Referring expression grounding data:
★ ★ ★ ★ ★ ★ ★

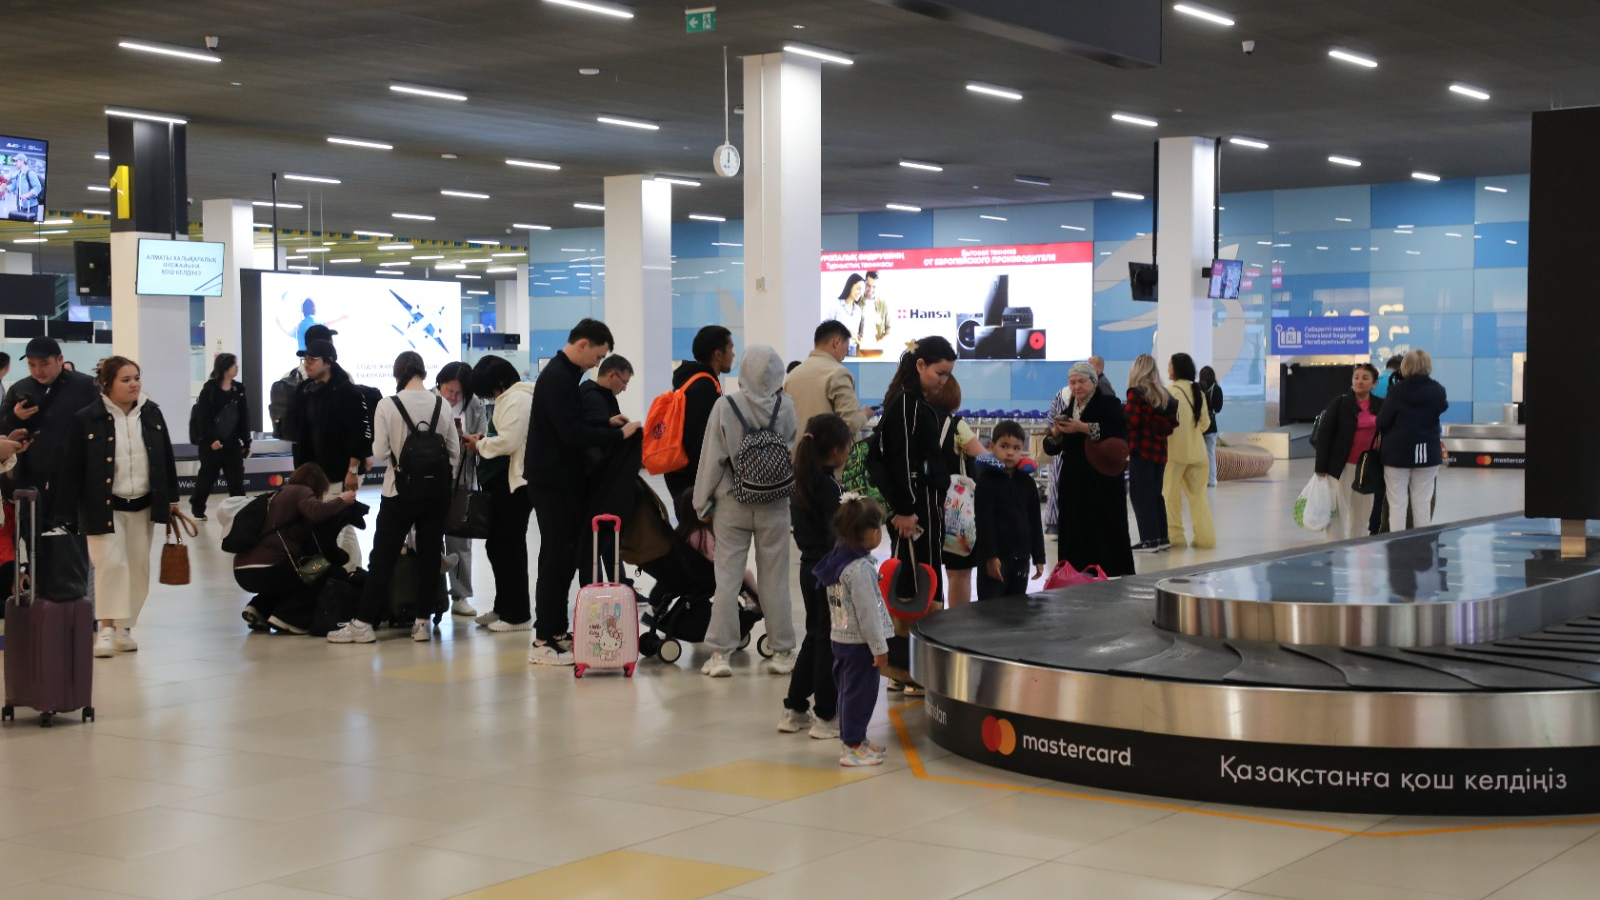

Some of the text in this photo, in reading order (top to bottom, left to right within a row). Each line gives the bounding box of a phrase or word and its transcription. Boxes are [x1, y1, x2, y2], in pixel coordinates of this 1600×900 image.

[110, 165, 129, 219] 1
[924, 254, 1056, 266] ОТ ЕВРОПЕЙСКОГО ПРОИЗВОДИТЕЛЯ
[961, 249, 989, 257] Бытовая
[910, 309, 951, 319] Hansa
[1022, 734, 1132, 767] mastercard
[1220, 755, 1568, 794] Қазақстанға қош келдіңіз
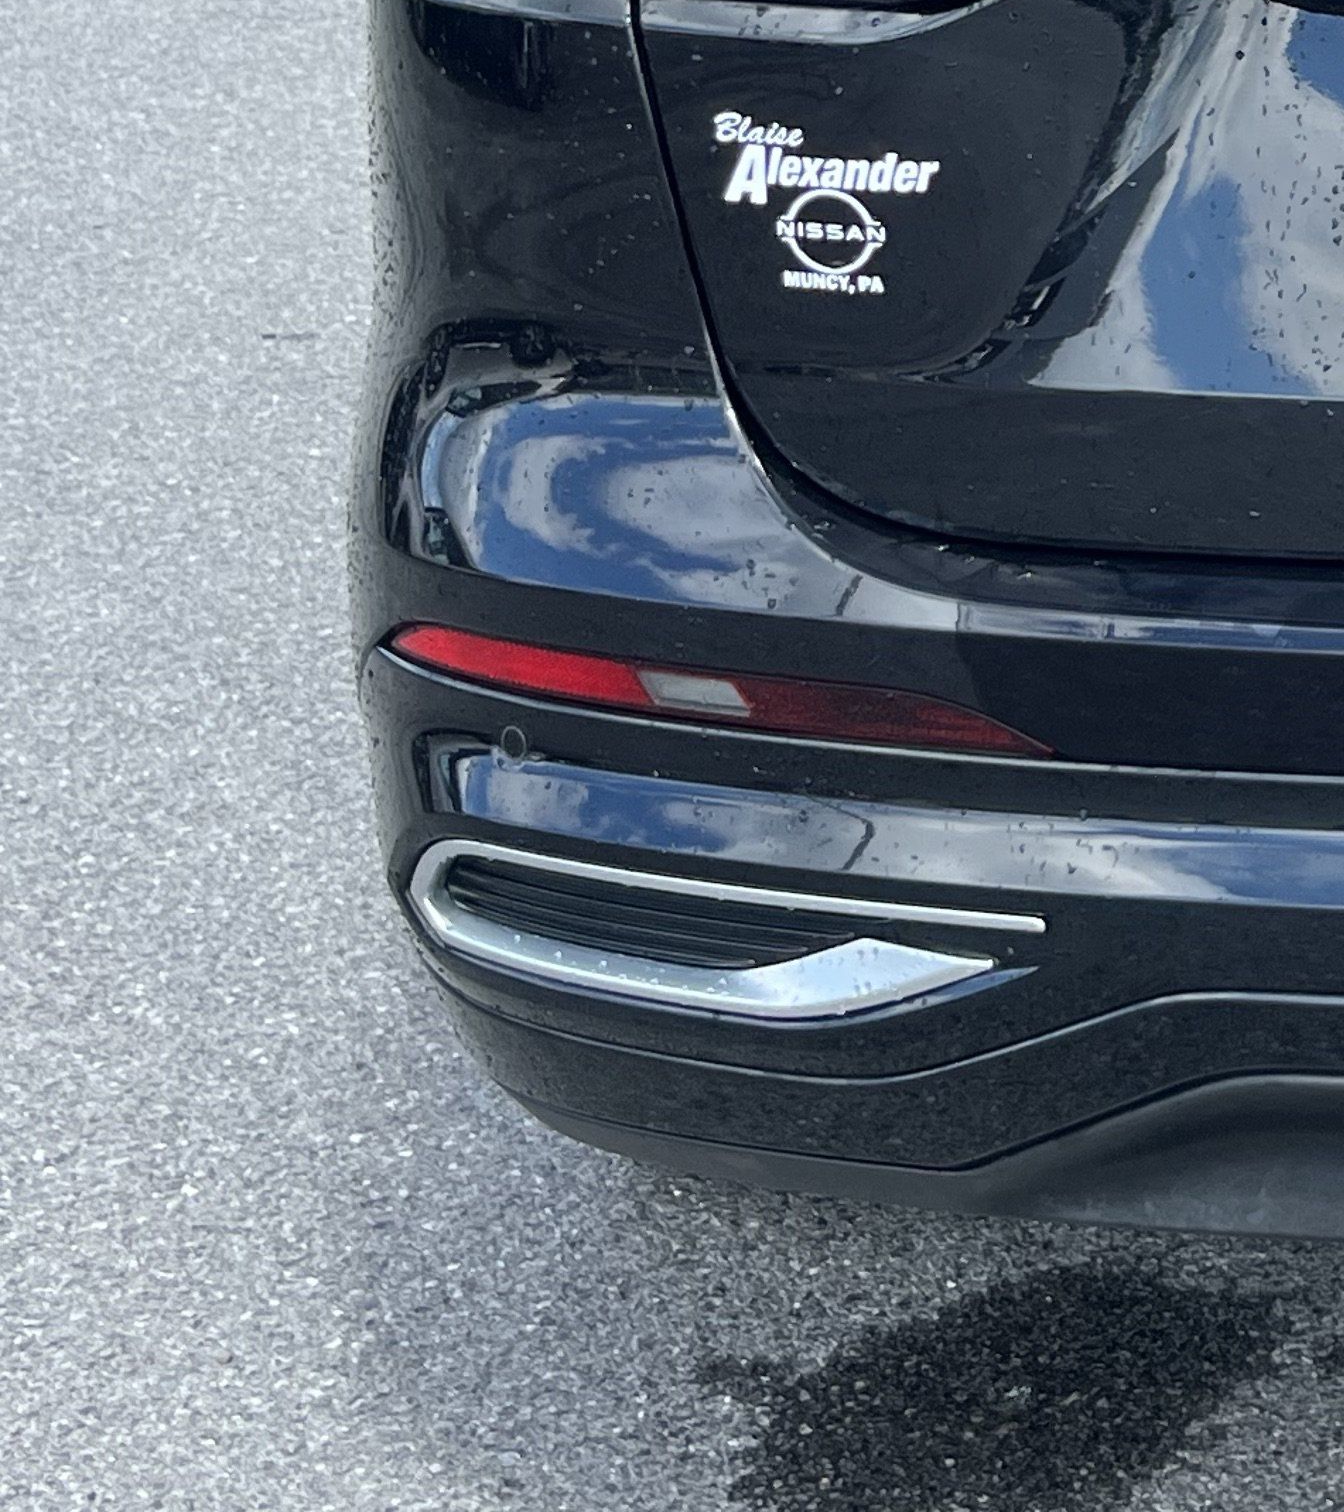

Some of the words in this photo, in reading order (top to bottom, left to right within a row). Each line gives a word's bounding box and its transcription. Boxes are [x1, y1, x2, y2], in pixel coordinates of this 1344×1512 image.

★ ★ ★ ★ ★ ★ ★

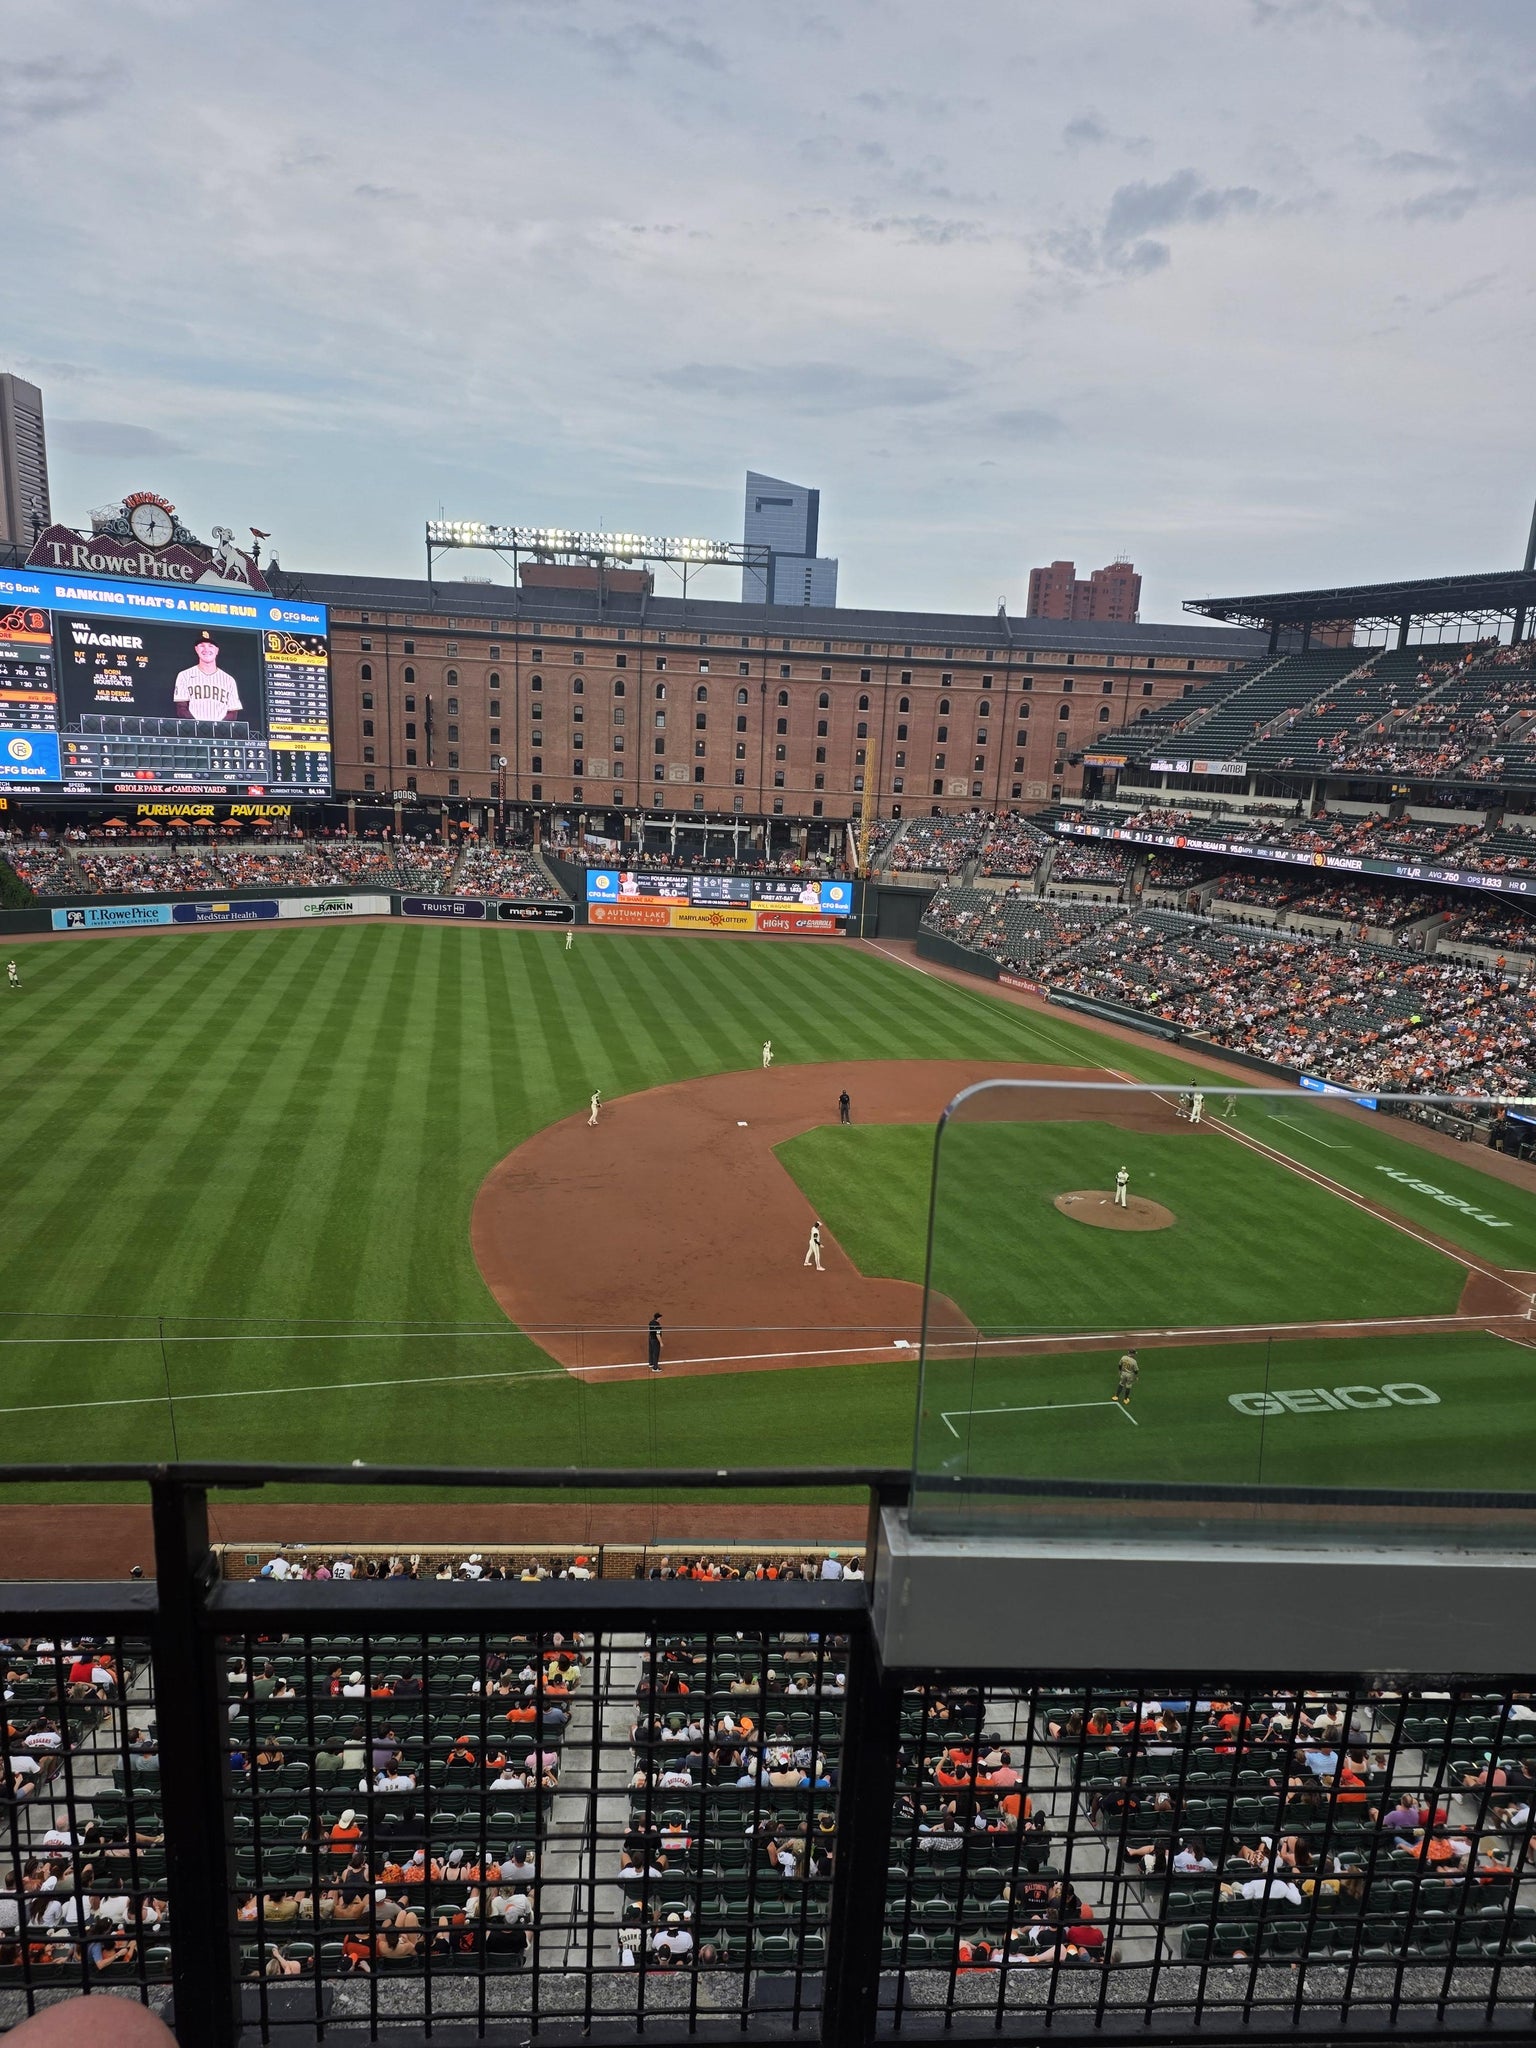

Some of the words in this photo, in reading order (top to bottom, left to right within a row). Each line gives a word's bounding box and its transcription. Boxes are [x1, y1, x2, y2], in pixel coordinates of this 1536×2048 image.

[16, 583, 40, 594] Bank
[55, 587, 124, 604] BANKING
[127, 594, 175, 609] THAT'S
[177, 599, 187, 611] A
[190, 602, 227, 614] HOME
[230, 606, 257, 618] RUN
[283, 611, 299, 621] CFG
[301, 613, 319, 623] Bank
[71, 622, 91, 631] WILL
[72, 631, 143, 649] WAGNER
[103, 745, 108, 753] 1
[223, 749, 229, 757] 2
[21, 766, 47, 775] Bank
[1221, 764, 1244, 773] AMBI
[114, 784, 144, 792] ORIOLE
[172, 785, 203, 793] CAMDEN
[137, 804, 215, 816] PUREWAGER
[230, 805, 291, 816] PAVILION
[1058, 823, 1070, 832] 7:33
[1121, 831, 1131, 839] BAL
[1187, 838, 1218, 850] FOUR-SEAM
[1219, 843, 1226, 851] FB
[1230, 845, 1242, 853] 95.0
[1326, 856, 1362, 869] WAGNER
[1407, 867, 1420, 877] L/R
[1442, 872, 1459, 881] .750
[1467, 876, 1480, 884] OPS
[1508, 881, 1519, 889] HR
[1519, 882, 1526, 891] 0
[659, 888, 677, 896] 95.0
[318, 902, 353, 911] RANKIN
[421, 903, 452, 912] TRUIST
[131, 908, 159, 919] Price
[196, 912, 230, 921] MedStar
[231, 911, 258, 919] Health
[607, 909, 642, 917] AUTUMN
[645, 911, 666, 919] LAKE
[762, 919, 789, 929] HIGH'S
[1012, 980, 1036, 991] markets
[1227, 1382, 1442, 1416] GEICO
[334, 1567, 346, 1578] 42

★ ★ ★ ★ ★ ★ ★

◆ Aim of the task:
With the pictures left out, write out exactly the lines above from the one containing "Some of the text" through the one containing "this 1344×1512 image.".

◆ Exercise output:
Some of the text in this photo, in reading order (top to bottom, left to right within a row). Each line gives the bounding box of a phrase or word and its transcription. Boxes are [x1, y1, x2, y2], in pixel coordinates of this 1600×900 image.

[110, 165, 129, 219] 1
[924, 254, 1056, 266] ОТ ЕВРОПЕЙСКОГО ПРОИЗВОДИТЕЛЯ
[961, 249, 989, 257] Бытовая
[910, 309, 951, 319] Hansa
[1022, 734, 1132, 767] mastercard
[1220, 755, 1568, 794] Қазақстанға қош келдіңіз

Some of the words in this photo, in reading order (top to bottom, left to right within a row). Each line gives a word's bounding box and its transcription. Boxes are [x1, y1, x2, y2], in pixel coordinates of this 1344×1512 image.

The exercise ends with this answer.